Games have been played and televised from empty stadiums before for varying reasons. But they’ve always been exceptions.
The Baltimore Orioles played host to Chicago White Sox in an empty Camden Yards in April, 2015, with the city still simmering outside the locked stadium gates several days after a 25-year-old black man named Freddie Gray suffered a fatal spinal-cord injury while in police custody.
Spanish soccer giant Barcelona played Las Palmas behind closed doors in October 2017 to register its protest against the government’s attempt to block a vote over independence for Catalonia. The team’s Camp Nou stadium, among Europe’s largest with a capacity approaching 100,000, has long been a rallying point for Catalan nationalists.
The first round of the (now-defunct) North Atlantic Conference tournament was played in a nearly vacant Hartford Civic Center in March 1989 after one outbreak of measles at Siena College and another at the University of Hartford persuaded organizers to bar spectators. A win over Boston University at the buzzer gave Siena its first NCAA Tournament bid and a subsequent upset of Stanford in the first round of the big dance put the small school on the college basketball map.
“Over the long run, the way things happened made us even more famous,” recalled Steve McCoy, who rebounded a missed shot and hit the game-winning layup against BU.
“I live in Boston now and I’m in church the other day, on Ash Wednesday, and I run into a Siena guy at the end of the mass. We wind up talking for an hour about ’89 and how it was one of the greatest experiences of our lives. …
“As soon as somebody finds out I played there,” Mc Coy concluded, “the first thing they usually say is ‘Siena had that measles team.’”
“It’s not like we drew big crowds at the time, but our last two regular-season home games were empty because of the measles. So at least we had some experience with it,” said Tom Huerter, McCoy’s teammate at Siena back then.
“The first time you walk into an empty gym for a real game, it feels like a high school scrimmage. You can hear the coaches screaming — every word — and there’s no other energy to feed off, so you’ve got to rely on each other,” he added. “We were lucky to have a tough-minded team.”
Fear of the virus spreading further in Italy forced Serie A, the top Italian league, to postpone five matches this weekend — they were scheduled to be played in empty stadiums until Saturday morning. In the biggest match, not far from the epicenter of the virus outbreak in northern Italy, league-leading Juventus was to host third-place Inter Milan in Turin — the so-called “Derby d’Italia.”
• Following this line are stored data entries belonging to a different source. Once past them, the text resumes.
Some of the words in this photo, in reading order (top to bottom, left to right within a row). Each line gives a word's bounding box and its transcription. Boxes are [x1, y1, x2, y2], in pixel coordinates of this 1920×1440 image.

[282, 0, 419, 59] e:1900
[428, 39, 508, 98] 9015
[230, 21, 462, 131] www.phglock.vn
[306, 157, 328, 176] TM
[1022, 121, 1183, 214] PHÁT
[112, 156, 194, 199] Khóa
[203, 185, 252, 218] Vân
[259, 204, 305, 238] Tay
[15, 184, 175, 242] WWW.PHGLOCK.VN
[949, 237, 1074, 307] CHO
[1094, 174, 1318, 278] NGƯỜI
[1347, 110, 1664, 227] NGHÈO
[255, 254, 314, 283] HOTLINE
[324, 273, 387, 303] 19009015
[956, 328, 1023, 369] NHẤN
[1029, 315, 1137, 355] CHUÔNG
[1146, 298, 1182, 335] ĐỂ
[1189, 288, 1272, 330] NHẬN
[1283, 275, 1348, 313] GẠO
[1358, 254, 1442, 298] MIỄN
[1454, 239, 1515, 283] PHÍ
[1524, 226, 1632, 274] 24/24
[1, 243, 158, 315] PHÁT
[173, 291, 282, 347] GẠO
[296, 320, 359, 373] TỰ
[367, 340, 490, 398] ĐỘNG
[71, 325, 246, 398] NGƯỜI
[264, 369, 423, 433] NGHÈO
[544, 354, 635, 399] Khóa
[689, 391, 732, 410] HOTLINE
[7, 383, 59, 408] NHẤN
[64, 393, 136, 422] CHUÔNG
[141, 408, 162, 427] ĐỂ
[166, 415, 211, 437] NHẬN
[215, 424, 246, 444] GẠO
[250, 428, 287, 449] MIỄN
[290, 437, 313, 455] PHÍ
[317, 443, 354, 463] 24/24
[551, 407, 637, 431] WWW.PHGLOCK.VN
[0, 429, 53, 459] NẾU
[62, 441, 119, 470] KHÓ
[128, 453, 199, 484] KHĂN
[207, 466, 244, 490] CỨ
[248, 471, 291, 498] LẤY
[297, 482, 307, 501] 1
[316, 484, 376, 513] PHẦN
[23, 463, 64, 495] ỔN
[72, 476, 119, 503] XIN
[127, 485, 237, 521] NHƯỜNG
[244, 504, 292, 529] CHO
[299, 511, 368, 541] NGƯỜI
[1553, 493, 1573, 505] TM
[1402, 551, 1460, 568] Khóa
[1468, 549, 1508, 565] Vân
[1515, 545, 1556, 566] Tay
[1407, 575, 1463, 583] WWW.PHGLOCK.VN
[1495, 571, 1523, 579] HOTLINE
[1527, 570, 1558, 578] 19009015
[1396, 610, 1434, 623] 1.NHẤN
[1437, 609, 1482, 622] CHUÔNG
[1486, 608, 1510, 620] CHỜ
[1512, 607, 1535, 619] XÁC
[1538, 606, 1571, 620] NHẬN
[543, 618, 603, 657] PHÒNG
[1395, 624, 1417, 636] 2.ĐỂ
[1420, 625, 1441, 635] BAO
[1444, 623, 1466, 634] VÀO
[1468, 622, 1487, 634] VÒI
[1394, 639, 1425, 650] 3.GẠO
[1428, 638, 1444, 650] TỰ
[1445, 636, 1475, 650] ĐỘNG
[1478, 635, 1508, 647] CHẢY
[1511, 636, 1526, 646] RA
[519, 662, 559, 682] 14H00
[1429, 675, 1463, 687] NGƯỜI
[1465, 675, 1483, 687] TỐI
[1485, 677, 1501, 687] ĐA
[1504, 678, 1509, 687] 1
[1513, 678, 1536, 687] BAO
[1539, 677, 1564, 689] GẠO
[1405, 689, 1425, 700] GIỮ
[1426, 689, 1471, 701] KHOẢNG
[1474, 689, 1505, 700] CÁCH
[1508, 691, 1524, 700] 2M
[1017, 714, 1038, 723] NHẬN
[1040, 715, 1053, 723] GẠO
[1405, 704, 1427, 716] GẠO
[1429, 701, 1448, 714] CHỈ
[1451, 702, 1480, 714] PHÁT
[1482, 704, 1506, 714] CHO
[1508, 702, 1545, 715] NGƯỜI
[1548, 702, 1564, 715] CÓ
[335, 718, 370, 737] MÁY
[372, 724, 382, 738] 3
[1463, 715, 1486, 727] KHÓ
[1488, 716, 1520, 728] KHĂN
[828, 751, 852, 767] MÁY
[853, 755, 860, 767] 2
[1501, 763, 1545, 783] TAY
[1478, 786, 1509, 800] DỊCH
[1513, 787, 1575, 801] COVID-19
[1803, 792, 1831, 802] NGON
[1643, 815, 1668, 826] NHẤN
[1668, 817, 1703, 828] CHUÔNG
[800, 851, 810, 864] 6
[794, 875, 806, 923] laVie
“Soccer needs the crowd, to hear the atmosphere around it,” Inter Milan coach Antonio Conte said. “That’s the best thing about the game, the atmosphere around the soccer being played. These decisions have been taken with public health in mind but I hope that everything returns to normal as soon as possible.”
That’s unlikely, but sports-marketing experts say the television-only model could have staying power.
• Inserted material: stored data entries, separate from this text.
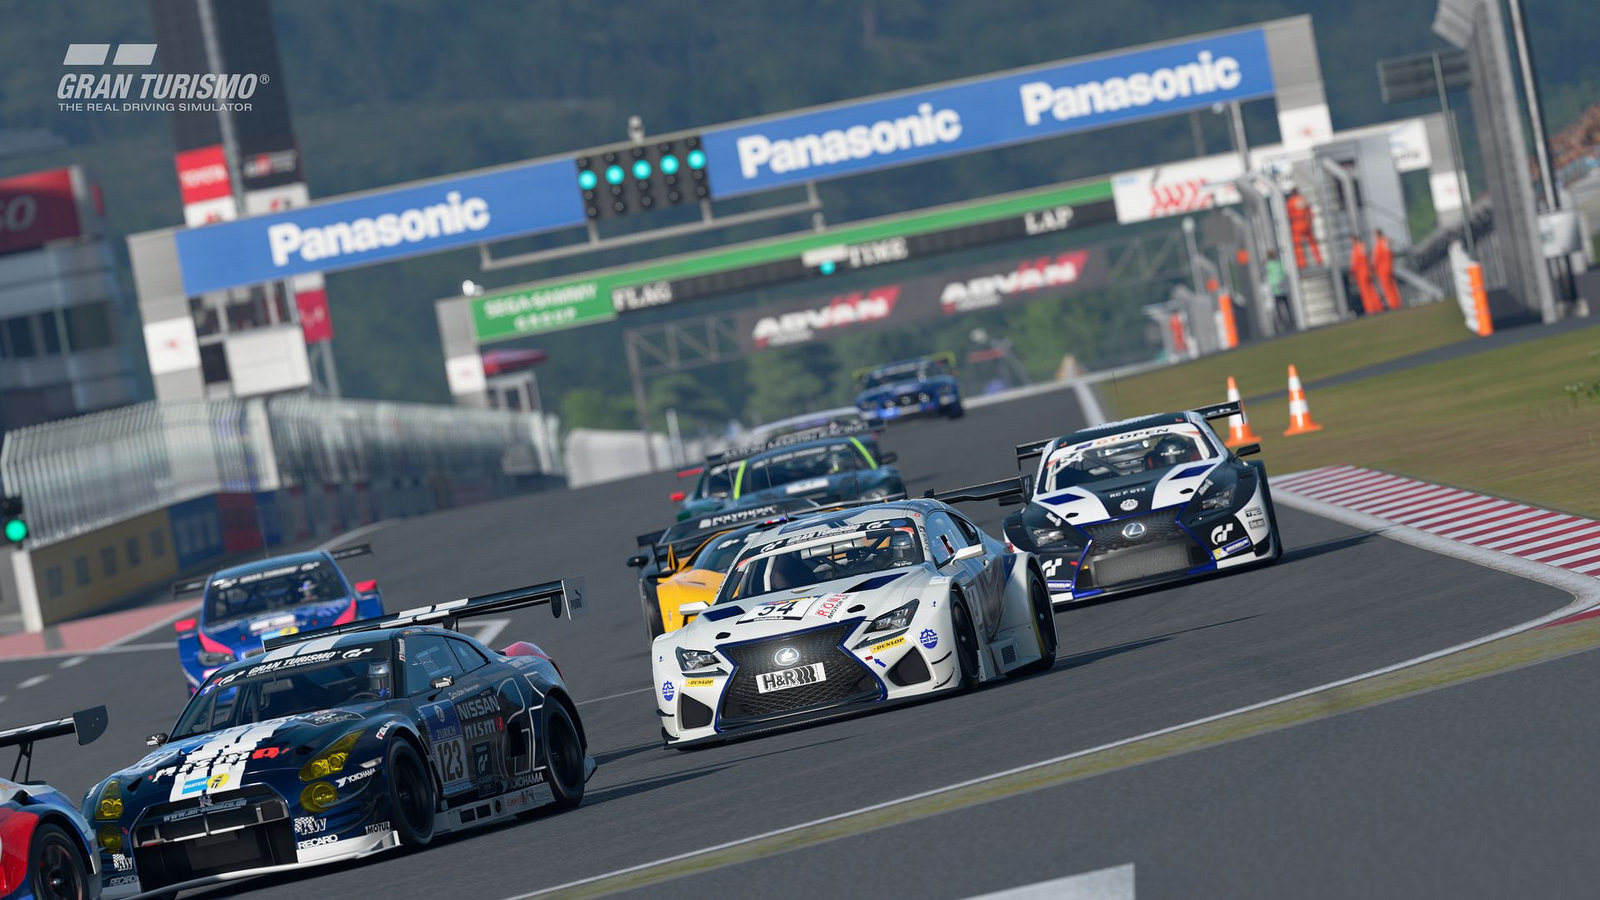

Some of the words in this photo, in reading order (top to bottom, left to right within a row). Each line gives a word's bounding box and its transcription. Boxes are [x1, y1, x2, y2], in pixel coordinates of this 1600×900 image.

[1020, 50, 1241, 126] Panasonic
[737, 103, 962, 179] Panasonic
[268, 191, 490, 267] Panasonic
[1024, 206, 1075, 236] LAP
[848, 236, 909, 269] TIME
[611, 281, 673, 311] FLAG
[787, 531, 814, 546] GRAN
[815, 524, 860, 539] TURISMO
[816, 592, 848, 617] ROWE
[876, 637, 905, 651] DUNLOP
[248, 660, 280, 675] GRAN
[457, 694, 501, 720] NISSAN
[436, 739, 465, 784] 123
[347, 768, 376, 784] YOKOHAMA
[366, 821, 390, 834] MOTUL
[297, 834, 339, 849] RECARO
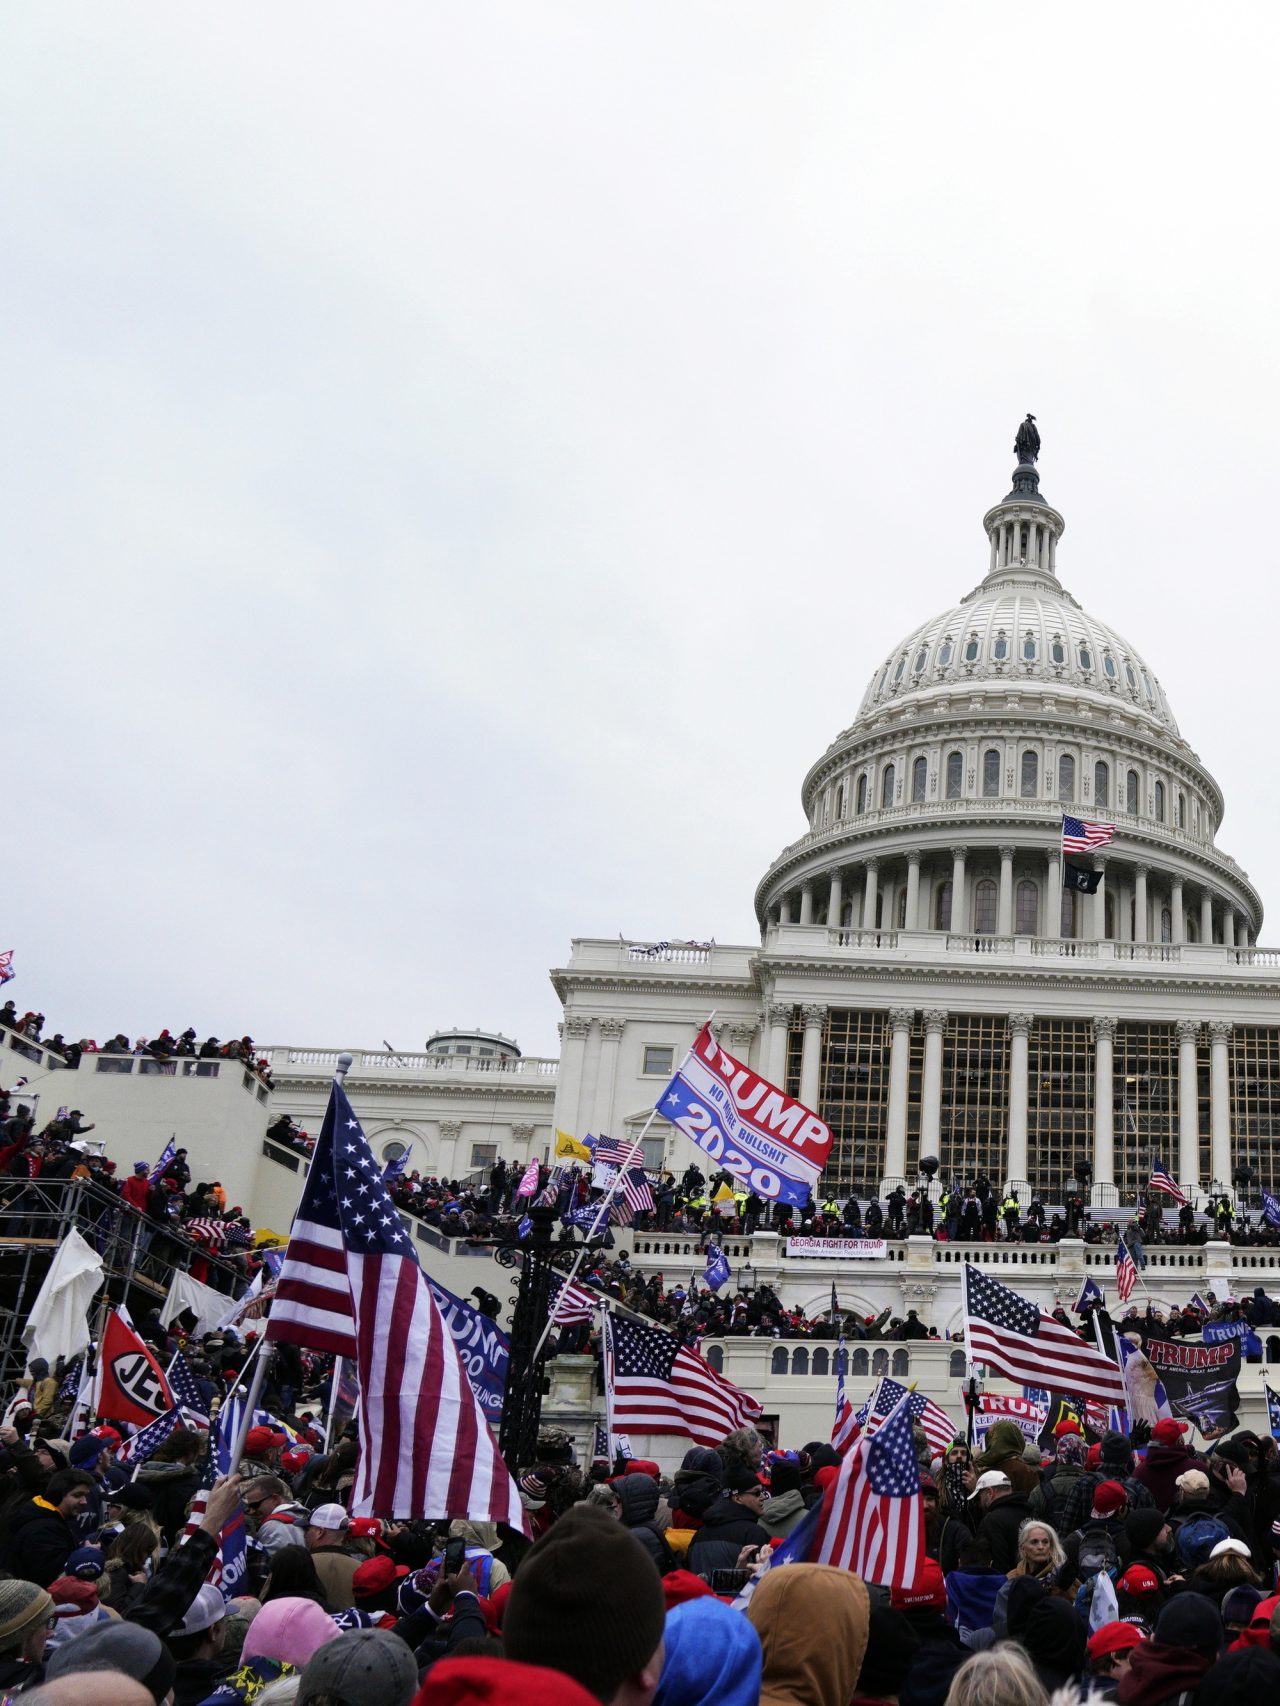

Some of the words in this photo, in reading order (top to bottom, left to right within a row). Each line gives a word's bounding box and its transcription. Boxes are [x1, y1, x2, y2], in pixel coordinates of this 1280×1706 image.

[675, 1102, 781, 1197] 2020
[708, 1083, 725, 1102] NO
[722, 1099, 737, 1131] MORE
[738, 1129, 789, 1165] BULLSHIT
[790, 1238, 821, 1248] GEORGIA
[822, 1239, 842, 1249] FIGHT
[843, 1240, 858, 1249] FOR
[860, 1240, 883, 1249] TRUMP
[1146, 1337, 1235, 1369] TRUMP
“Look at it this way: the ‘gate,’ has been a declining share of revenue for big-time teams and leagues for some time now,” said Marc Ganis, president and founder of Chicago-based Sportscorp, a leading business consulting firm with deep ties to Chinese sports dating back more than a decade.
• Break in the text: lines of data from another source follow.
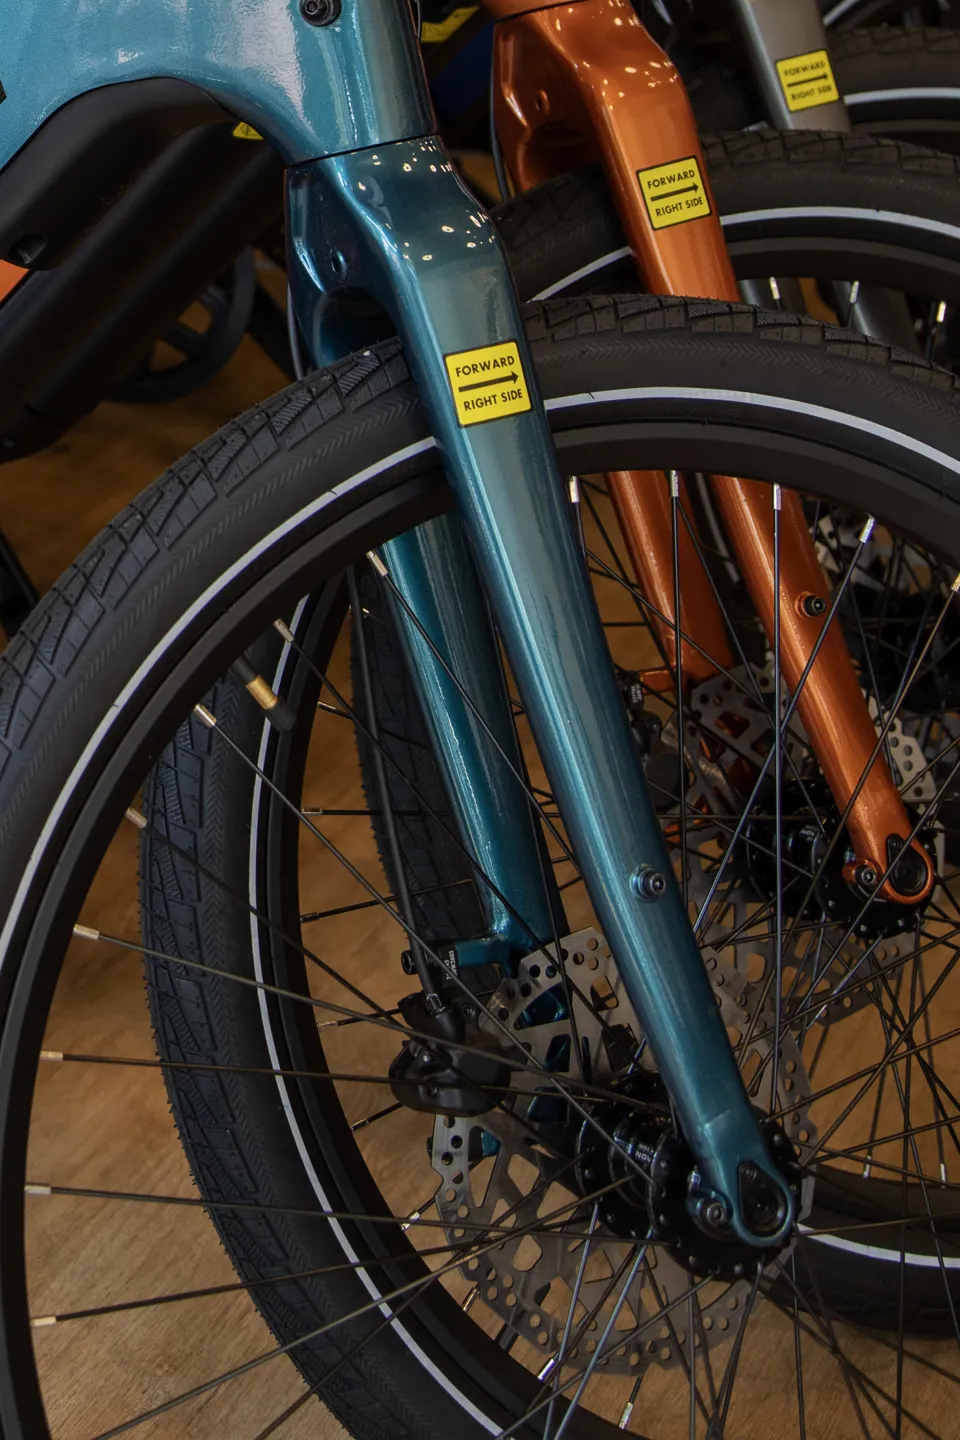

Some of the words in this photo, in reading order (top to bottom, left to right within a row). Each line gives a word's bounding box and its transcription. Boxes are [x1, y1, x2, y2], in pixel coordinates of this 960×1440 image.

[784, 61, 826, 77] FORWARD
[791, 89, 816, 101] RIGHT
[817, 84, 832, 95] SIDE
[647, 169, 696, 189] FORWARD
[655, 202, 683, 217] RIGHT
[685, 196, 703, 209] SIDE
[455, 356, 515, 377] FORWARD
[463, 394, 498, 411] RIGHT
[501, 389, 523, 403] SIDE
“Empty stadiums can only go on for so long, but for big-time enterprises — international soccer, the NFL and NBA, and especially the Olympics, say — it makes economic sense to show them in the meantime. They’re essentially TV properties. Way more of their revenue is generated from broadcasting rights than ticket and concession sales.
“And right now, the biggest threat to that model is uncertainty — government mandates, public acceptance … and at some point, while I hate to bring it up, we’re going to have to add legal liability to this discussion,” he said. “So far, we’ve been very fortunate in the United States.
“But what happens if an athlete or fan or support-staff member gets infected with the coronavirus?” he asked, then answered his own question. “Lawsuits won’t be far behind.”